**TASK BRIEF**
The answer must reproduce every record exactly, with all pictures omitted.

**DATA SECTION**
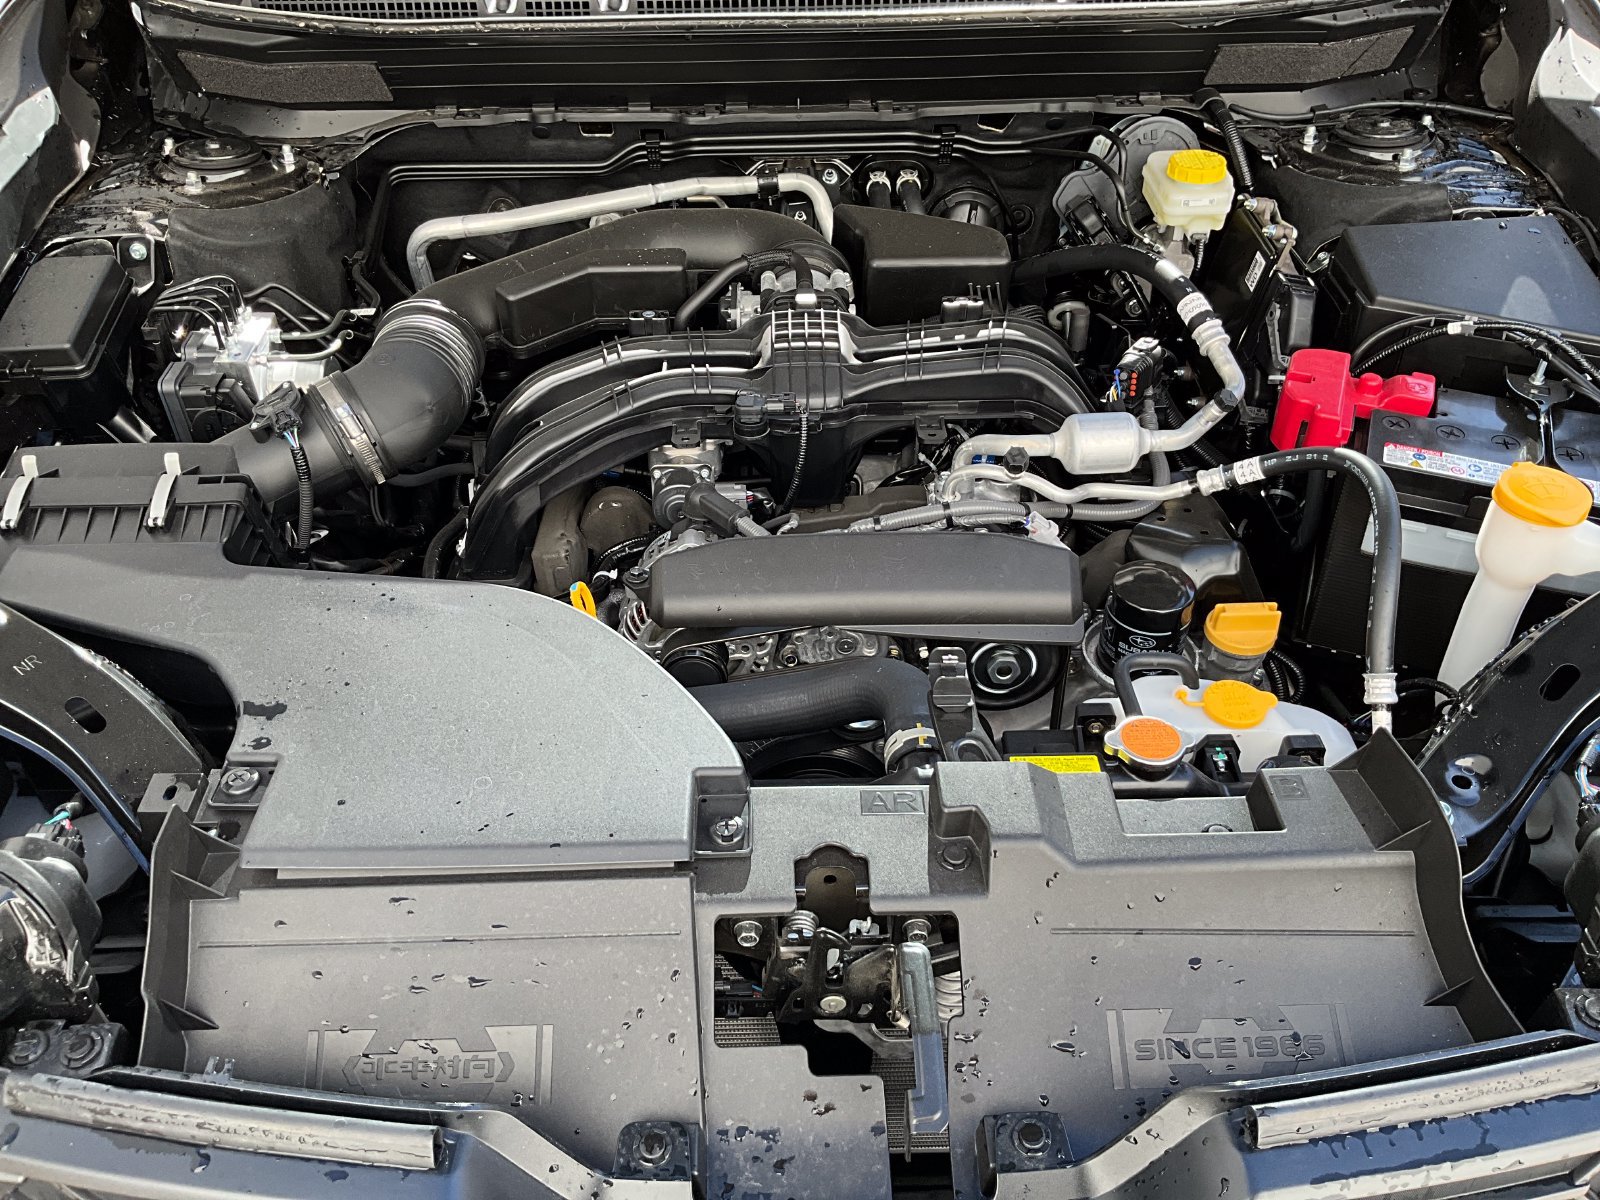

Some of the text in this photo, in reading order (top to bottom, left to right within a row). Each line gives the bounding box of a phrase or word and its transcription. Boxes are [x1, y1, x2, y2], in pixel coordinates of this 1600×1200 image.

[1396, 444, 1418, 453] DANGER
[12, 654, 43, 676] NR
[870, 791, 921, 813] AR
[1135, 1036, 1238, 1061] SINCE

**FINISHED EXERCISE**
Some of the text in this photo, in reading order (top to bottom, left to right within a row). Each line gives the bounding box of a phrase or word and its transcription. Boxes are [x1, y1, x2, y2], in pixel coordinates of this 1600×1200 image.

[1396, 444, 1418, 453] DANGER
[12, 654, 43, 676] NR
[870, 791, 921, 813] AR
[1135, 1036, 1238, 1061] SINCE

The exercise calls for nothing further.